> [DIRECTIONS] Every line of the material is to be returned verbatim. Pictures stay out.

> [DATA EXTRACTS]
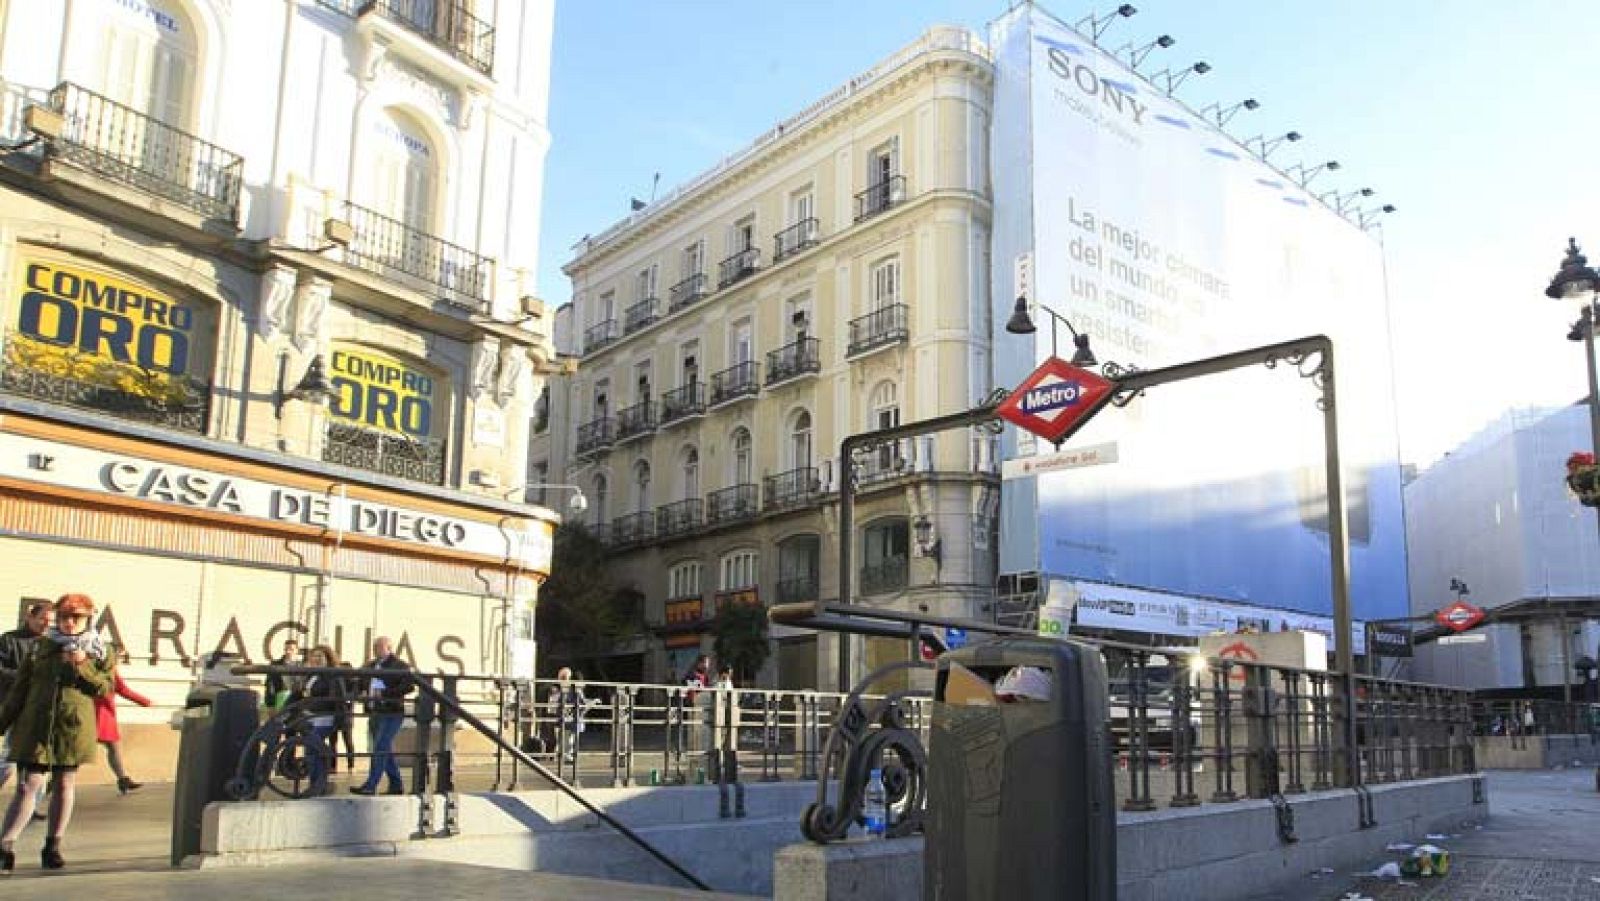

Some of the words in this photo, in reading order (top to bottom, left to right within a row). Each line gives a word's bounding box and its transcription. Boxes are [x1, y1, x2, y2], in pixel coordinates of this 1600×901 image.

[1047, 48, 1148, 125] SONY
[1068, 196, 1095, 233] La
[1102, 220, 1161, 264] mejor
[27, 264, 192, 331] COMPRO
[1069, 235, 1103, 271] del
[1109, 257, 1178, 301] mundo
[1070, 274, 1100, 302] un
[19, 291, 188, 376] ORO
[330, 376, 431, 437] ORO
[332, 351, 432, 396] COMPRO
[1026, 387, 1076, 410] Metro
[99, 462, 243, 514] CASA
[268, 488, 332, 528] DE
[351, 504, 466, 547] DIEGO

> [OUTPUT BELOW]
Some of the words in this photo, in reading order (top to bottom, left to right within a row). Each line gives a word's bounding box and its transcription. Boxes are [x1, y1, x2, y2], in pixel coordinates of this 1600×901 image.

[1047, 48, 1148, 125] SONY
[1068, 196, 1095, 233] La
[1102, 220, 1161, 264] mejor
[27, 264, 192, 331] COMPRO
[1069, 235, 1103, 271] del
[1109, 257, 1178, 301] mundo
[1070, 274, 1100, 302] un
[19, 291, 188, 376] ORO
[330, 376, 431, 437] ORO
[332, 351, 432, 396] COMPRO
[1026, 387, 1076, 410] Metro
[99, 462, 243, 514] CASA
[268, 488, 332, 528] DE
[351, 504, 466, 547] DIEGO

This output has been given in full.